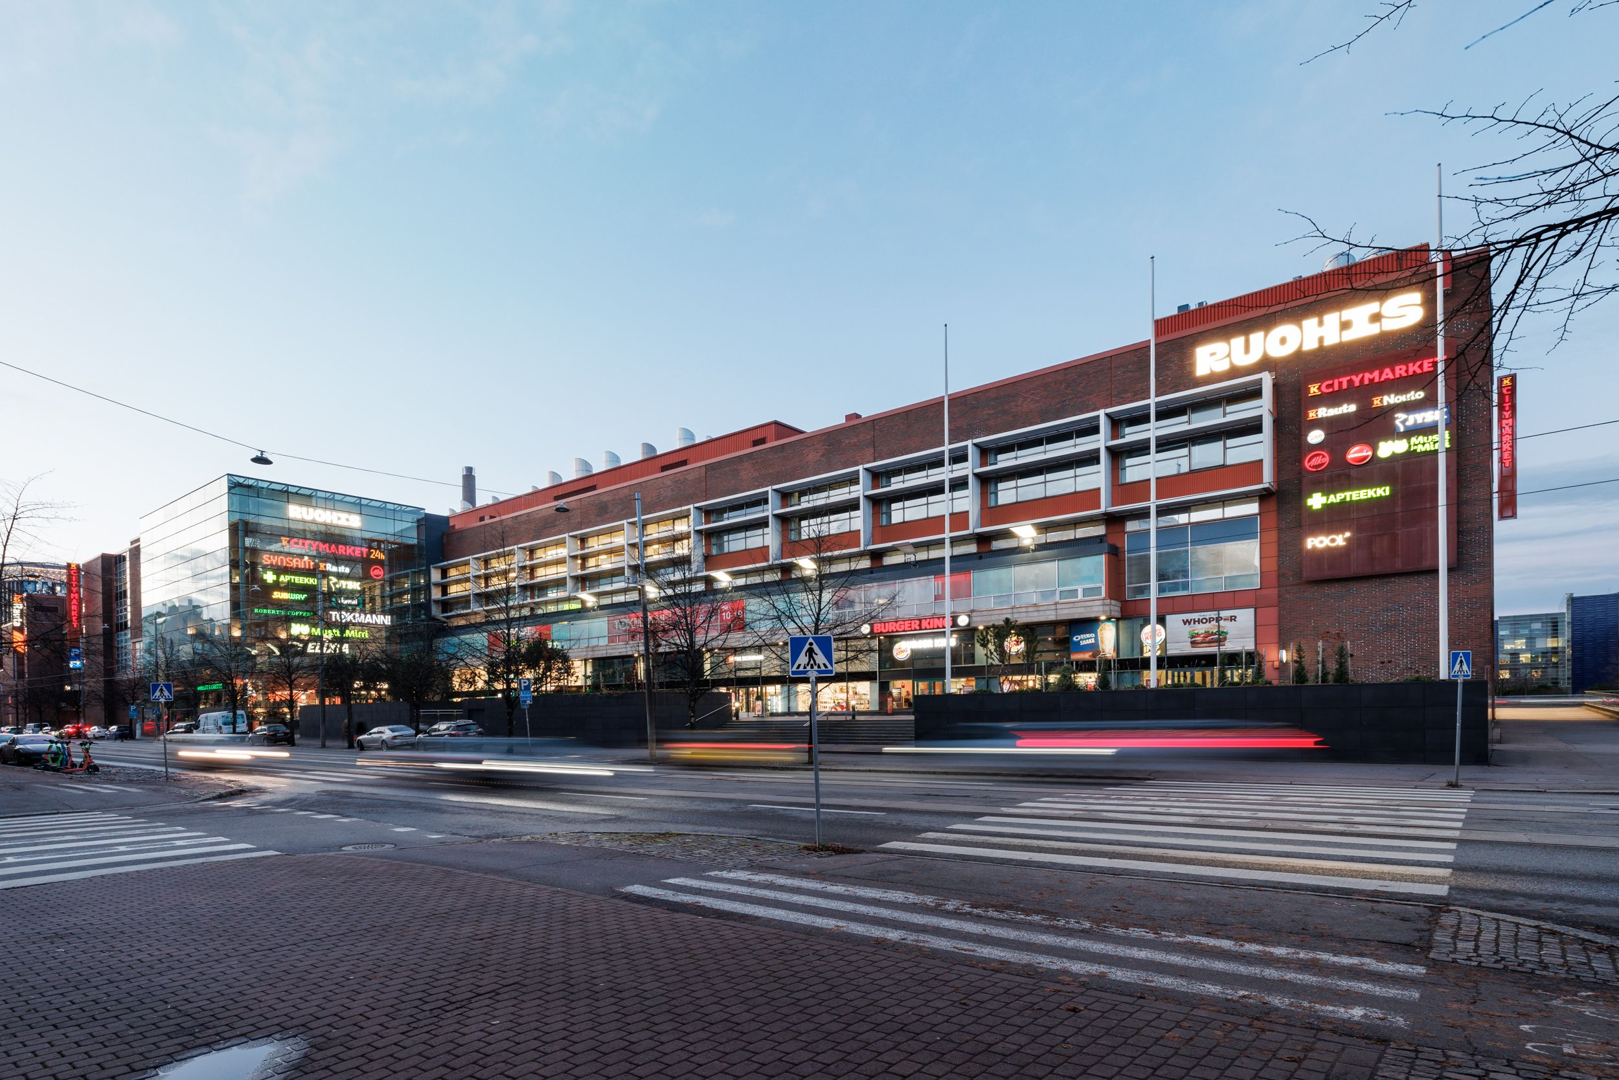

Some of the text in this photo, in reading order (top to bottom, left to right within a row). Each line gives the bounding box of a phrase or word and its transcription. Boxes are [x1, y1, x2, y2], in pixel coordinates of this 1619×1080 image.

[1195, 292, 1424, 376] RUOHIS
[1327, 485, 1390, 504] APTEEKKI
[287, 504, 362, 528] RUOHIS
[369, 549, 385, 560] 24h
[279, 574, 318, 585] APTEEKKI
[271, 591, 308, 601] SUBWAY
[873, 618, 920, 634] BURGER
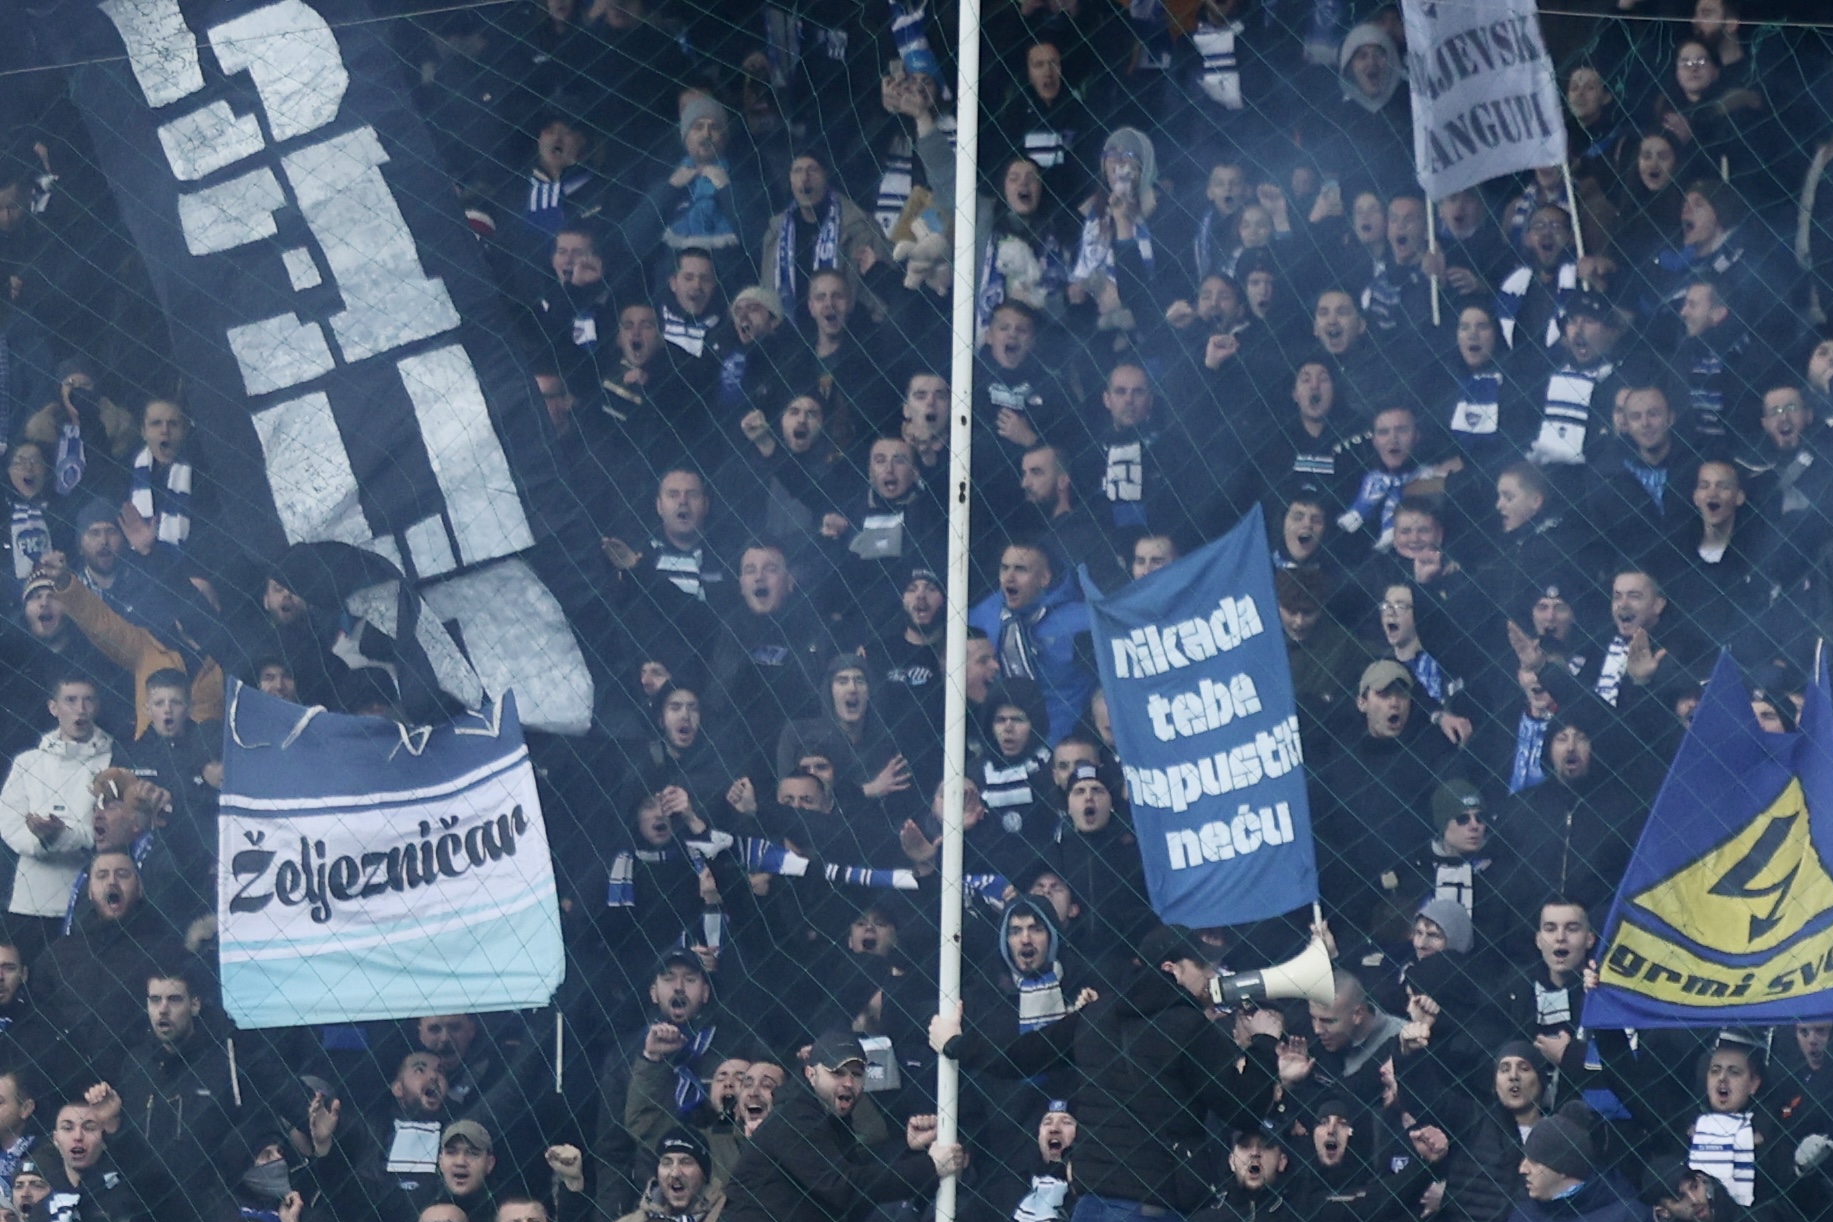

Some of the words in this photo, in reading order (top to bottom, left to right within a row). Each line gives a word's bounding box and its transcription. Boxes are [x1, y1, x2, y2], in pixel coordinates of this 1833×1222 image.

[1111, 594, 1265, 679] nikada
[1146, 672, 1263, 742] tebe
[229, 804, 530, 924] Željezničar
[1165, 801, 1295, 871] neću
[1607, 944, 1756, 998] grmi

## What the task asks
Your answer must be an exact transcription of the records above, minus the pictures.

## Written response
Some of the text in this photo, in reading order (top to bottom, left to right within a row). Each line gives the bounding box of a phrase or word and its transcription. Boxes are [x1, y1, x2, y2], in pixel coordinates of this 1619×1080 image.

[1195, 292, 1424, 376] RUOHIS
[1327, 485, 1390, 504] APTEEKKI
[287, 504, 362, 528] RUOHIS
[369, 549, 385, 560] 24h
[279, 574, 318, 585] APTEEKKI
[271, 591, 308, 601] SUBWAY
[873, 618, 920, 634] BURGER

Some of the words in this photo, in reading order (top to bottom, left to right within a row). Each line gives a word's bounding box and its transcription. Boxes are [x1, y1, x2, y2], in pixel coordinates of this 1833×1222 image.

[1111, 594, 1265, 679] nikada
[1146, 672, 1263, 742] tebe
[229, 804, 530, 924] Željezničar
[1165, 801, 1295, 871] neću
[1607, 944, 1756, 998] grmi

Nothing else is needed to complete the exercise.